На моей памяти было несколько подобных случаев.
Один из них имел место в азиатской стране, где едва ли не вся советская колония знала, что посол сожительствует с женой референта, являвшейся его секретаршей. Более того, все знали, что референт тоже знает об интимной связи своей жены с послом и даже весьма в этом заинтересован, поскольку рассчитывает на быстрое продвижение по службе.
И в самом деле, не прошло и полгода, как он получил ранг атташе, а командировку заканчивал третьим секретарем!
Но мне такое предложение было сделано впервые!
Я оглянулся. Лариса сидела в кресле, закинув ногу на ногу так, что разрез ее юбки был обращен как раз в мою сторону.
Не скрою, как и всякий уважающий себя мужчина, я был довольно высокого мнения о собственных достоинствах. И все же не настолько, чтобы всерьез предположить, что у этой миловидной двадцатипятилетней женщины вдруг возникло желание – бескорыстно! – провести со мной ночь. К тому же и по моим наблюдениям, и по сведениям, полученным, как говорится, со стороны, она была весьма привязана к своему мужу. Во всяком случае, ничего предосудительного в интимном плане за все время ее пребывания в стране замечено не было.
«Неужели она согласовала свой визит ко мне с Олегом? – подумал я. – Или действительно пришла без его ведома?»
Но сейчас у меня не было ни времени, ни желания разбираться, что означает ее предложение: провокацию или искреннее, хотя и пошлое желание ценой собственного унижения купить благополучие своего мужа, а значит и свое? В любом случае продолжать этот разговор и выяснять, в чем истинный смысл ее предложения, было неблагоразумно. Даже секундное промедление с ответом могло быть превратно ею истолковано и усугубило бы и без того двусмысленную ситуацию.
Я с детства не приучен говорить женщинам гадости. Даже в тех случаях, когда они этого заслуживают. Оказываясь в обстановке, когда женщина ведет себя неподобающим образом, я всегда стараюсь найти такое решение, которое не ущемляло бы ее чести и достоинства, даже если ее саму это не слишком заботит. При этом я руководствуюсь жизненным правилом никогда не воевать со слабым полом.
Но в эту критическую минуту, как назло, ничего путного не приходило мне в голову. Пауза затягивалась, и я, опасаясь, что Лариса по-своему расценит мое замешательство и сделает следующий шаг, сказал первое, что пришло мне на ум.
– Извините, Лариса, но я не принимаю таких подарков.
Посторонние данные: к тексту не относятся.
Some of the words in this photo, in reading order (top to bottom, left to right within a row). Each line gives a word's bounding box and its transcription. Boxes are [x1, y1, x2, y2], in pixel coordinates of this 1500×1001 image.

Я отношусь к числу мужчин, которые привыкли сами добиваться того, что им нужно.
Щеки моей соблазнительницы запылали. Она метнула в меня гневный взгляд, которым обычно одаривает мужчину отвергнутая им женщина. Неужели она всерьез рассчитывала, что ей удастся забраться ко мне в постель?
– А сейчас идите домой. – Я отставил ее стакан, давая понять, что аудиенция окончена. – И советую вам никогда не вспоминать о том, что вы ко мне приходили.
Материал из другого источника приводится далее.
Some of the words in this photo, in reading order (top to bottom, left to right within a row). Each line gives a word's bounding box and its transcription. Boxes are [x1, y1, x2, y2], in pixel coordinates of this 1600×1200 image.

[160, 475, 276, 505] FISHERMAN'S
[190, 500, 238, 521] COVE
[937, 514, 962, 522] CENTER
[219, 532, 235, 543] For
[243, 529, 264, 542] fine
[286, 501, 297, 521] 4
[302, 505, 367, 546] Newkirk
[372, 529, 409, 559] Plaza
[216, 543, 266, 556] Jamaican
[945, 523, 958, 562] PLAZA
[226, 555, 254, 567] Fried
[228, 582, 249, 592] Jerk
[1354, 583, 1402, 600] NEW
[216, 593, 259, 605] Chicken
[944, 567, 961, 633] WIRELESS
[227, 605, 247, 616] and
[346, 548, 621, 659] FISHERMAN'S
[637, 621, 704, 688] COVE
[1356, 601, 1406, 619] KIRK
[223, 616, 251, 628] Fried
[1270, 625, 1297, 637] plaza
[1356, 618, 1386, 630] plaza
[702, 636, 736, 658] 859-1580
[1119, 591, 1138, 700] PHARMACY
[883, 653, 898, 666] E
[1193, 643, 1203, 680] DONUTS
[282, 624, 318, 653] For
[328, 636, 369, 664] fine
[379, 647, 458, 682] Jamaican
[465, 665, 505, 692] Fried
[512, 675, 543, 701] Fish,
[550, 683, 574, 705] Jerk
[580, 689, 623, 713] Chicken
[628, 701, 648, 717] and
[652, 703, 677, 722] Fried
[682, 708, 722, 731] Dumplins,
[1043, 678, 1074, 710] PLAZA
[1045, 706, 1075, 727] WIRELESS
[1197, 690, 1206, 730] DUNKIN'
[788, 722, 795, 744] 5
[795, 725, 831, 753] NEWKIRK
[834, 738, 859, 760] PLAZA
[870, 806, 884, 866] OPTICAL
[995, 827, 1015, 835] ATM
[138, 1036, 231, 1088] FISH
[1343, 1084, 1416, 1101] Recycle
Я думал, что Лариса скажет мне что-нибудь на прощание. Но она встала и молча направилась к выходу.
Конечно, по всем законам приличия мне следовало отвезти ее домой. К тому же отпускать белую женщину одну в путешествие по ночному африканскому городу было просто небезопасно. Но я отказался от этой затеи. И не только потому, что она жила в пяти минутах ходьбы от моего дома. Я представил, как кто-то из наших соотечественников увидит, как мы вместе выходим и садимся в машину! В моем положении, когда меня и так уже обвинили в сексуальных домогательствах, мне недоставало только новых сплетен! Ничего, сама пришла ко мне, сама и вернется!
Но я все же выполнил свой мужской долг. Проводив Ларису до двери и подождав, когда она выйдет на улицу, я спустился в гараж, сел в автомашину и, держась от нее на почтительном расстоянии, чтобы она меня не заметила, тайно сопроводил ее до самого дома, готовый в случае необходимости защитить ее от любых посягательств.
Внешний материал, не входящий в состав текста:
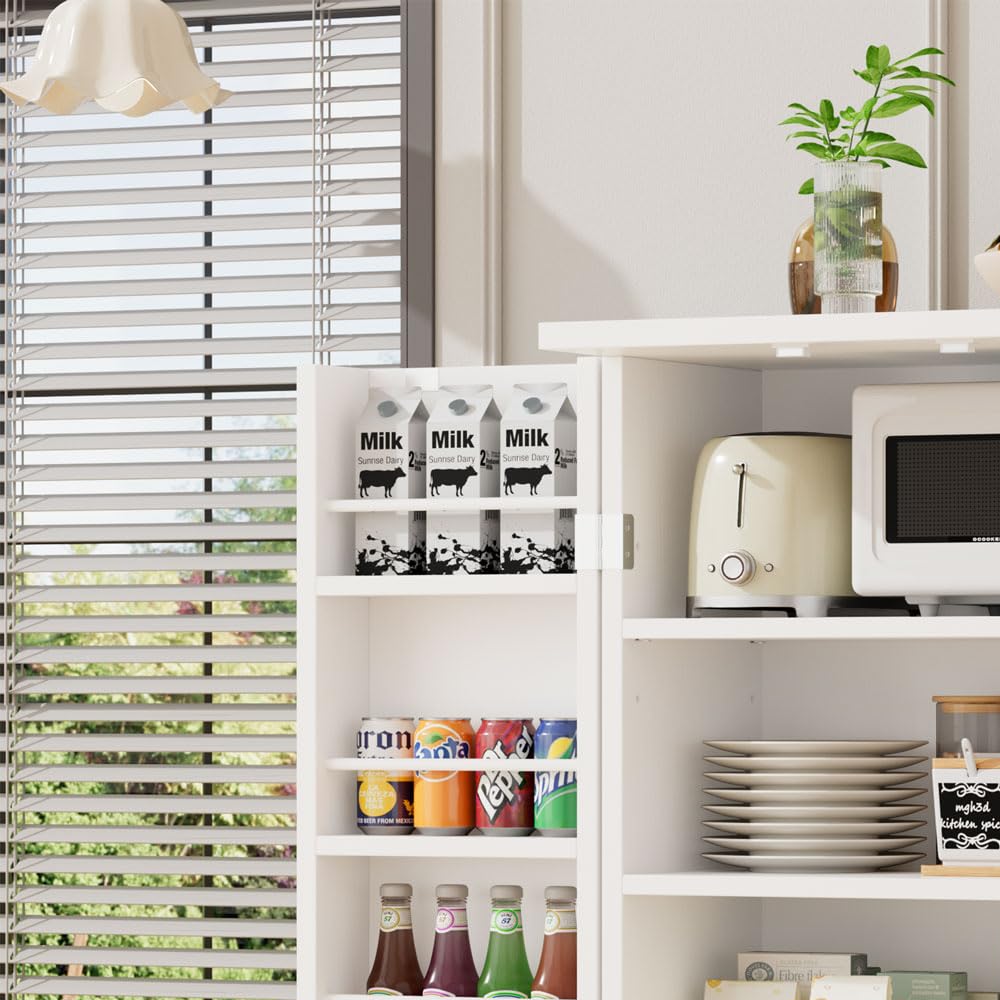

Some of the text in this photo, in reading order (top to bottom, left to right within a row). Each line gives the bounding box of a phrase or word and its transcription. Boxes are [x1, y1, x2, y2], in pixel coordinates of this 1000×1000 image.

[361, 432, 403, 450] Milk
[432, 430, 474, 448] Milk
[505, 428, 549, 447] Milk
[358, 456, 384, 465] Sunrise
[386, 456, 404, 466] Dairy
[429, 455, 455, 464] Sunrise
[457, 455, 476, 464] Dairy
[503, 454, 529, 463] Sunrise
[531, 453, 550, 463] Dairy
[955, 800, 991, 815] mgh3d
[940, 817, 977, 830] kitchen
Но все обошлось. Убедившись, что она без всяких приключений вошла в подъезд, я развернулся и уехал домой.
Утром я вызвал Выжула и потребовал написать подробное объяснение по поводу инцидента с письмом нелегала. А еще я попросил, чтобы к своему объяснению он приложил медицинское заключение о состоянии своего здоровья, в котором была бы указана причина, повлиявшая на его поступок.
26
До открытия сессии Организации Африканского Единства оставалось менее месяца.
Это было, пожалуй, наиболее важное событие этого года в политической жизни страны, и поэтому к нему тщательно готовились все местные ведомства и организации, отвечавшие за проведение сессии, почти все иностранные посольства, ну и конечно, как местные, так и иностранные спецслужбы.
Во время сессий любой международной организации, независимо от того, в какой стране они проводятся, резко возрастает активность контрразведывательных органов, ответственных за безопасность подобных мероприятий, и – само собой разумеется – активность всех разведывательных служб: когда еще можно так разгуляться шпионам всех мастей и обличий, как не во время пребывания в стране десятков иностранных делегаций, члены которых буквально напичканы всевозможной информацией!
Готовились к сессии и советские представительства. Посольство – к приезду делегации во главе с заместителем министра иностранных дел, торгпредство – к участию в организуемой одновременно с сессией выставке, корпункты – к освещению этого события в своих газетах и журналах, резидентуры – к работе с агентами, которые должны были прибыть на сессию в составе своих национальных делегаций.
Правда, наиболее ценных агентов, к числу которых относились высокопоставленные деятели африканских государств, нам на связь не передавали. С ними должны были встречаться их постоянные «кураторы», которые с этой целью под различными предлогами должны были слететься со всех концов Африки.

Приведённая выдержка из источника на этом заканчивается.